ENTRIES PROVIDED:
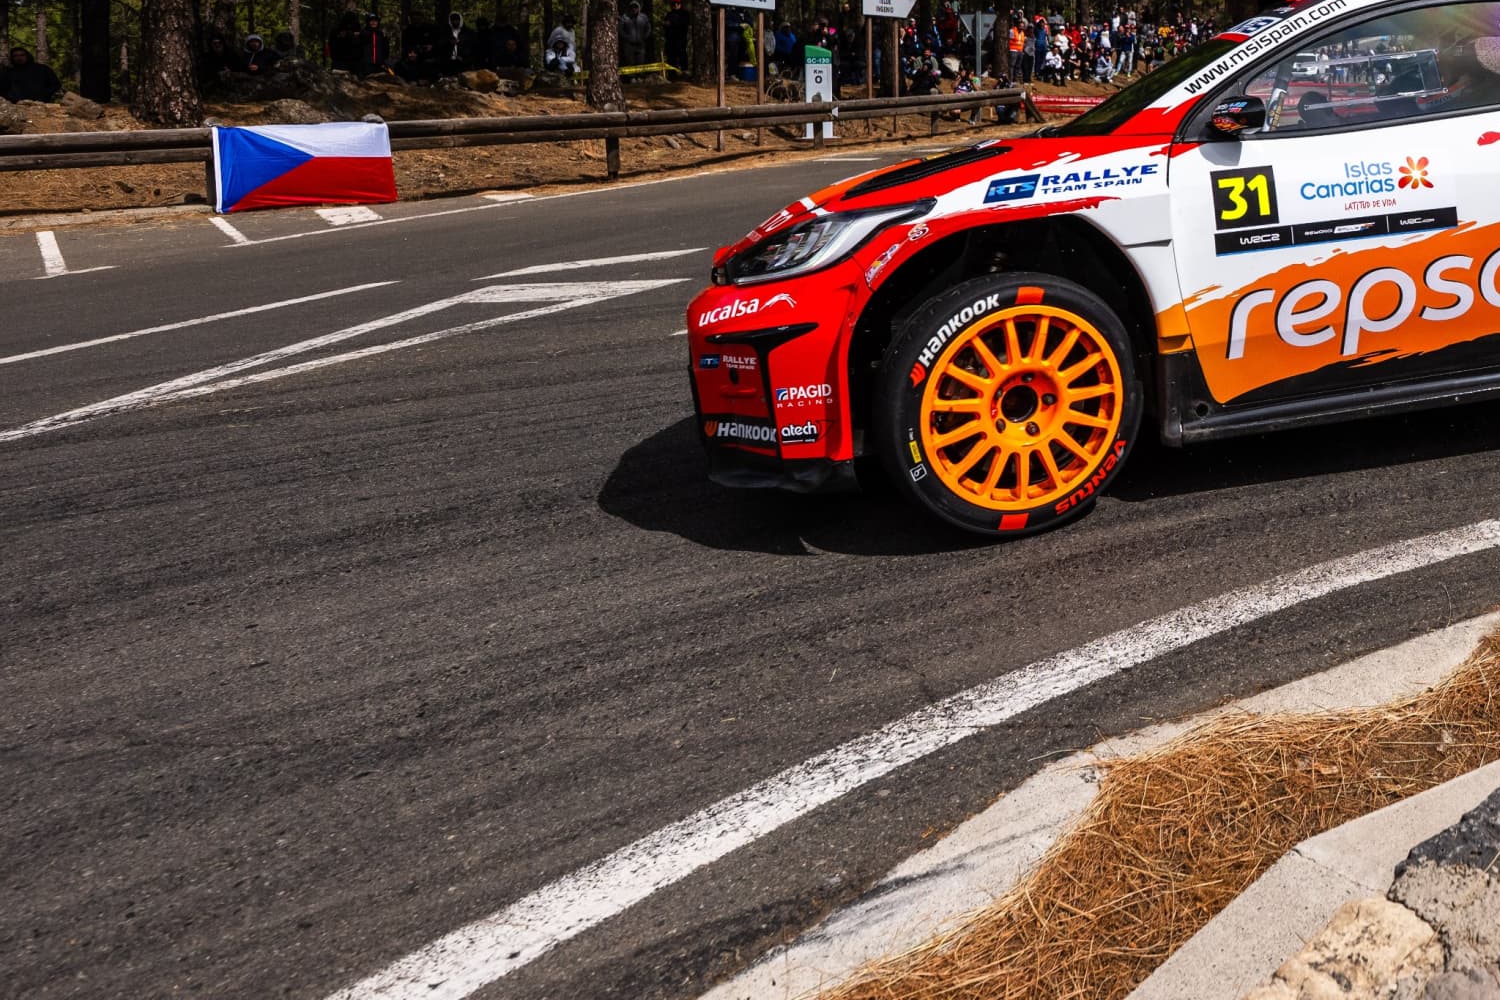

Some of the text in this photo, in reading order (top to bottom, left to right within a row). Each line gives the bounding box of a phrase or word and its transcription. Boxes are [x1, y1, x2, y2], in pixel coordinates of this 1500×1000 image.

[1184, 0, 1347, 95] www.msispain.com
[815, 75, 823, 84] 0
[1041, 164, 1158, 186] RALLYE
[1344, 160, 1393, 178] Islas
[988, 181, 1036, 197] RTS
[1041, 177, 1143, 195] TEAM SPAIN
[1300, 177, 1395, 200] Canarias
[1216, 174, 1273, 221] 31
[1373, 199, 1380, 207] DE
[1382, 198, 1397, 207] VIDA
[698, 298, 760, 327] ucalsa
[723, 355, 757, 365] RALLYE
[789, 384, 832, 400] PAGID
[776, 399, 833, 408] RACING
[781, 421, 818, 437] atech
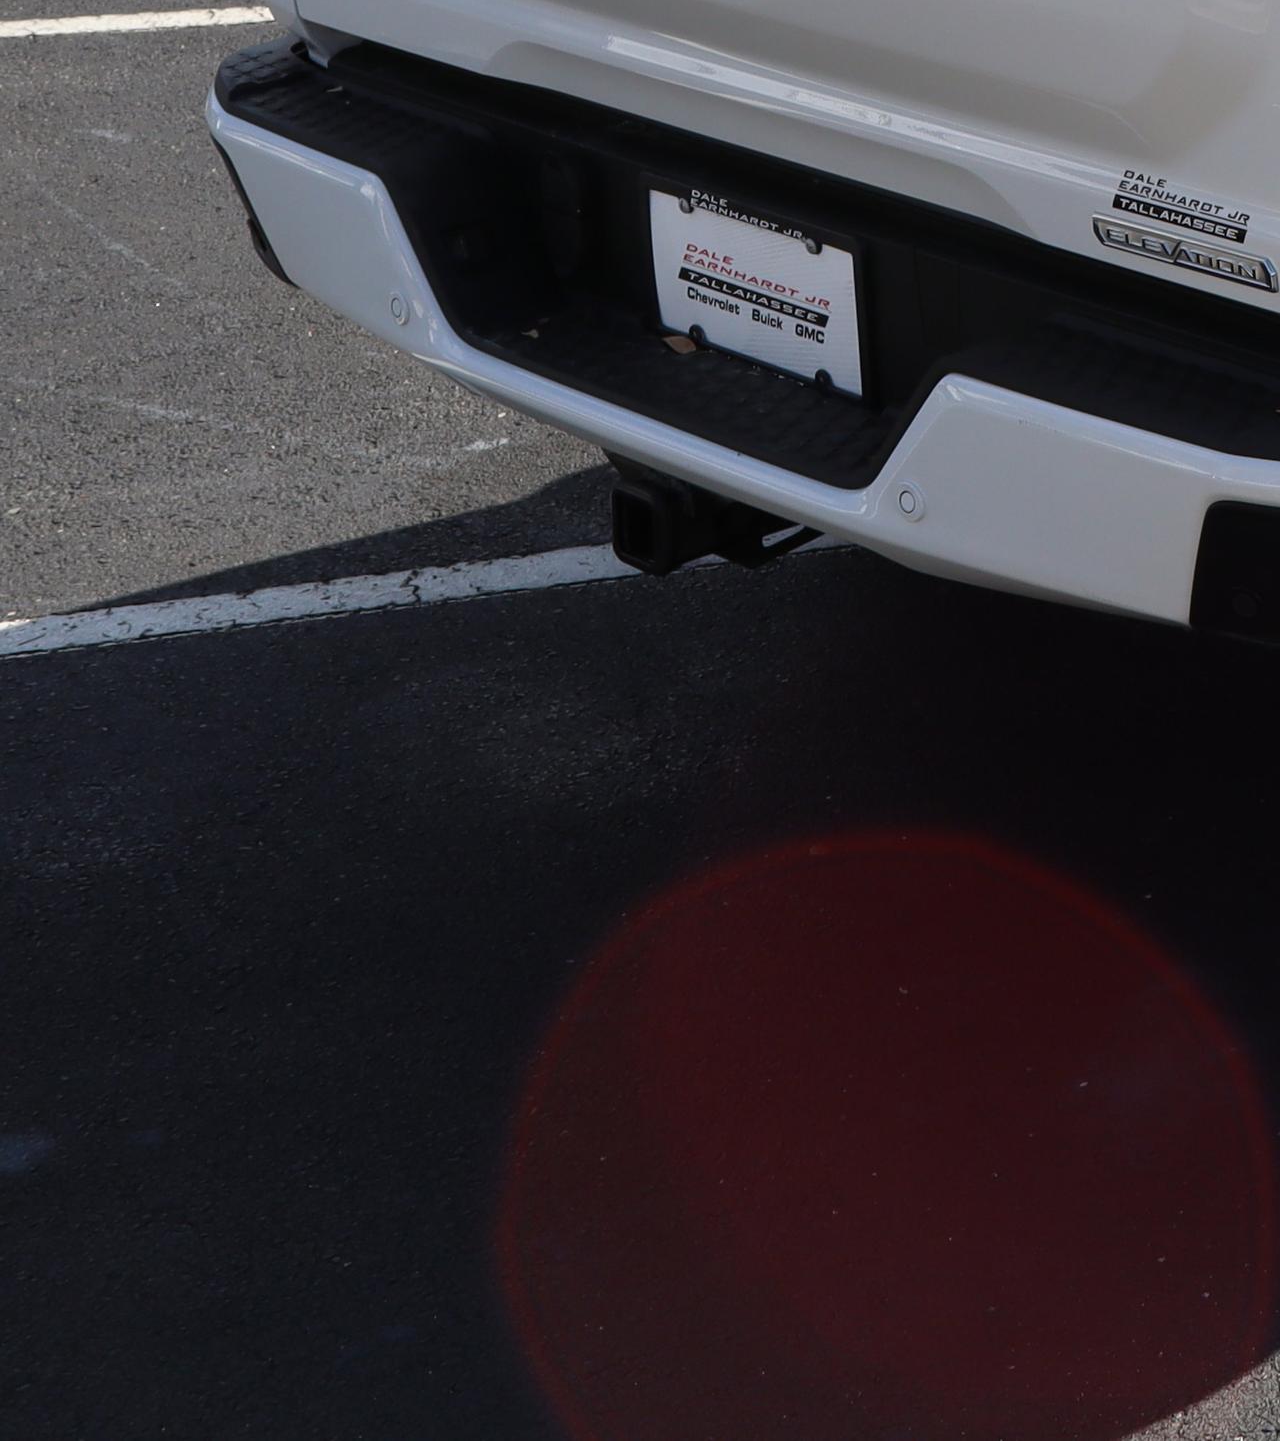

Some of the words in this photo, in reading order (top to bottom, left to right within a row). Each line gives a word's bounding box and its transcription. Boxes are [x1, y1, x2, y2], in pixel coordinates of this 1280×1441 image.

[691, 189, 728, 207] DALE
[1124, 169, 1167, 188] DALE
[690, 198, 779, 231] EARNHARDT
[1118, 180, 1224, 214] EARNHARDT
[1227, 210, 1250, 225] JR
[1119, 198, 1239, 240] TALLAHASSEE
[686, 243, 734, 265] DALE
[1106, 229, 1260, 280] ELEVATION
[683, 254, 799, 297] EARNHARDT
[805, 295, 831, 309] JR
[688, 272, 819, 322] TALLAHASSEE
[687, 286, 740, 315] Chevrolet
[752, 309, 783, 330] Buick
[795, 323, 825, 344] GMC
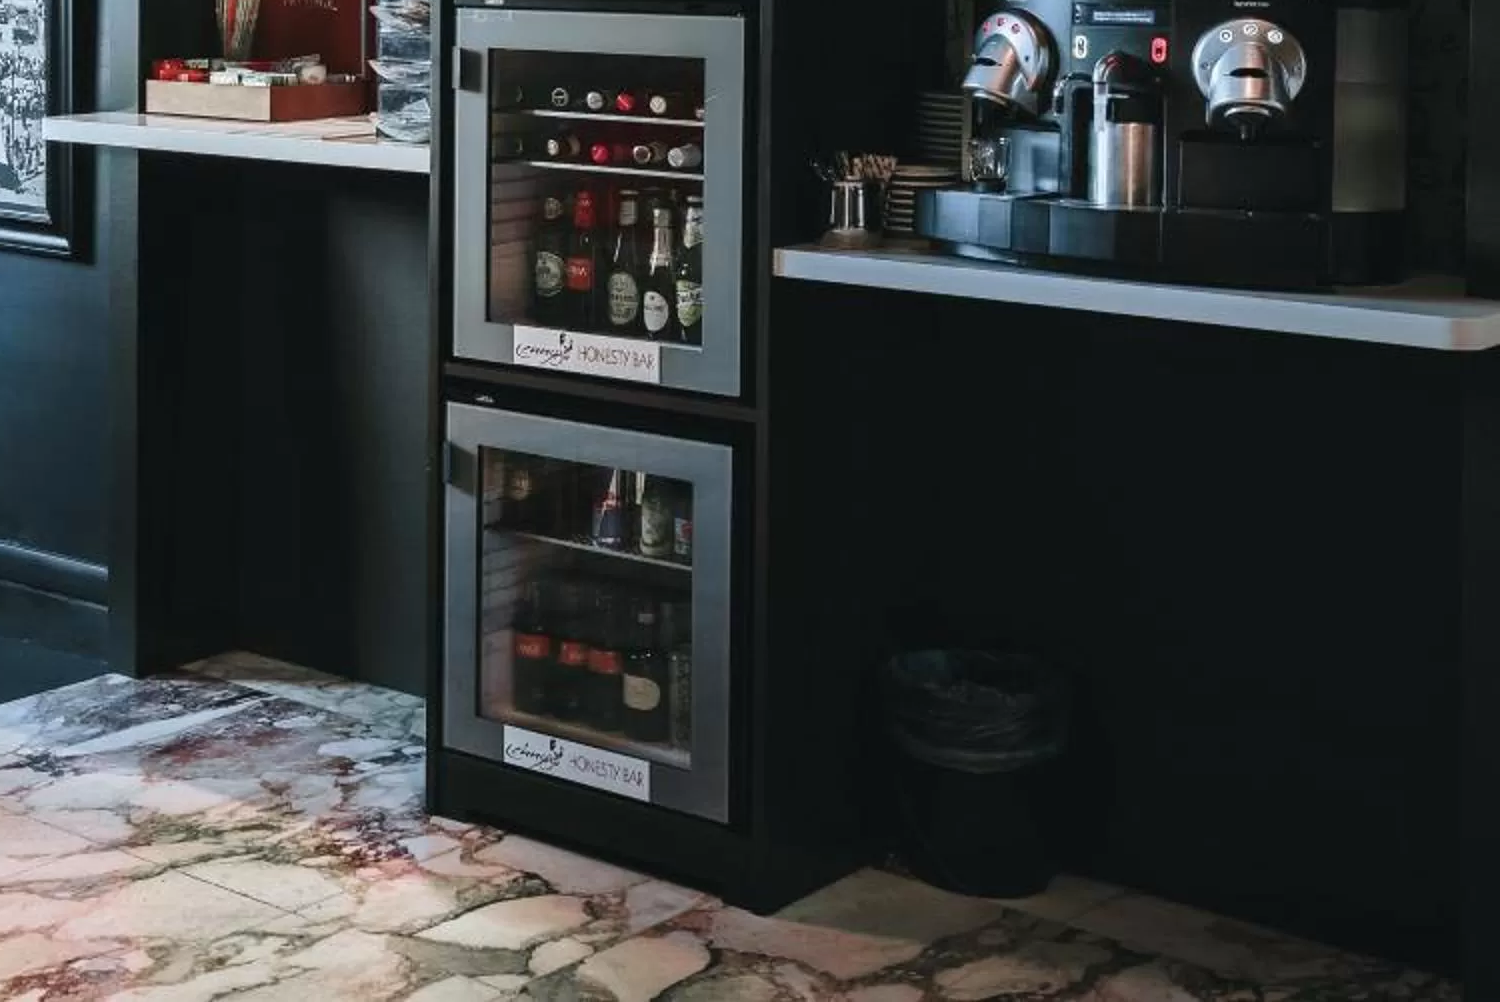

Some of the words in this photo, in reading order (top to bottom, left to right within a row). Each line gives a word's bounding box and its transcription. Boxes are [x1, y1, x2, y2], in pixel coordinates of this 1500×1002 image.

[577, 345, 631, 367] HONESTY
[632, 351, 656, 371] BAR
[569, 752, 621, 781] HONESTY
[623, 768, 645, 787] BAR
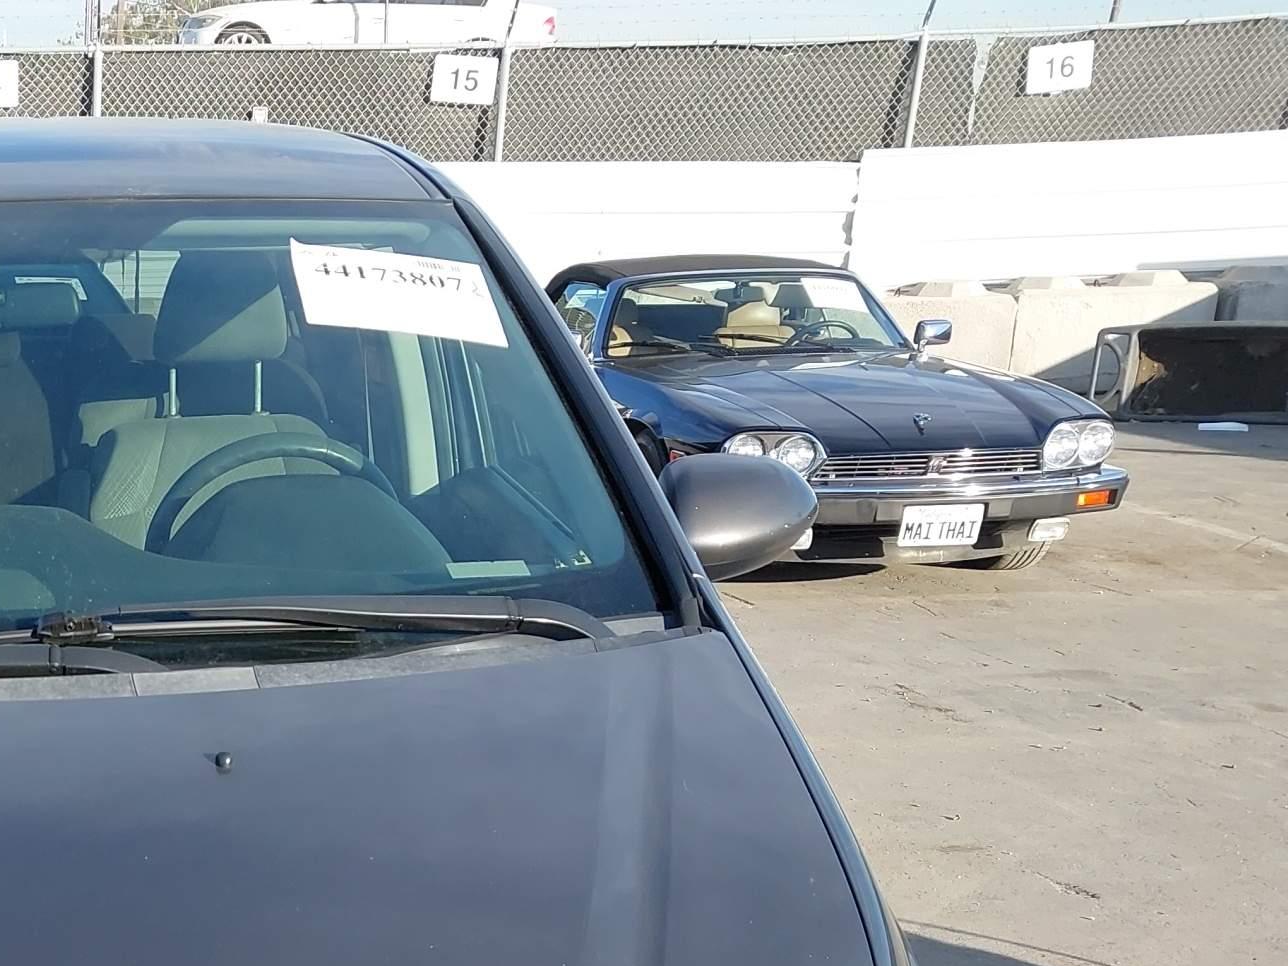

EXERCISE BRIEF:
Your answer must be every record above, word for word, with no pictures.

WORKED SOLUTION:
Some of the text in this photo, in reading order (top to bottom, left to right within a row). Each line gives the bounding box of a phrase or word and its transcription. Boxes are [x1, y1, x2, y2], in pixel coordinates of this 1500×1000 image.

[1184, 0, 1347, 95] www.msispain.com
[815, 75, 823, 84] 0
[1041, 164, 1158, 186] RALLYE
[1344, 160, 1393, 178] Islas
[988, 181, 1036, 197] RTS
[1041, 177, 1143, 195] TEAM SPAIN
[1300, 177, 1395, 200] Canarias
[1216, 174, 1273, 221] 31
[1373, 199, 1380, 207] DE
[1382, 198, 1397, 207] VIDA
[698, 298, 760, 327] ucalsa
[723, 355, 757, 365] RALLYE
[789, 384, 832, 400] PAGID
[776, 399, 833, 408] RACING
[781, 421, 818, 437] atech

Some of the words in this photo, in reading order (top to bottom, left to right within a row). Each line gives a word's bounding box and its transcription. Boxes are [x1, y1, x2, y2], in pixel coordinates of this 1280×1441 image.

[691, 189, 728, 207] DALE
[1124, 169, 1167, 188] DALE
[690, 198, 779, 231] EARNHARDT
[1118, 180, 1224, 214] EARNHARDT
[1227, 210, 1250, 225] JR
[1119, 198, 1239, 240] TALLAHASSEE
[686, 243, 734, 265] DALE
[1106, 229, 1260, 280] ELEVATION
[683, 254, 799, 297] EARNHARDT
[805, 295, 831, 309] JR
[688, 272, 819, 322] TALLAHASSEE
[687, 286, 740, 315] Chevrolet
[752, 309, 783, 330] Buick
[795, 323, 825, 344] GMC

Some of the words in this photo, in reading order (top to bottom, left to right within a row). Each line gives a word's bounding box and its transcription. Boxes are [x1, y1, x2, y2], in pixel coordinates of this 1500×1002 image.

[577, 345, 631, 367] HONESTY
[632, 351, 656, 371] BAR
[569, 752, 621, 781] HONESTY
[623, 768, 645, 787] BAR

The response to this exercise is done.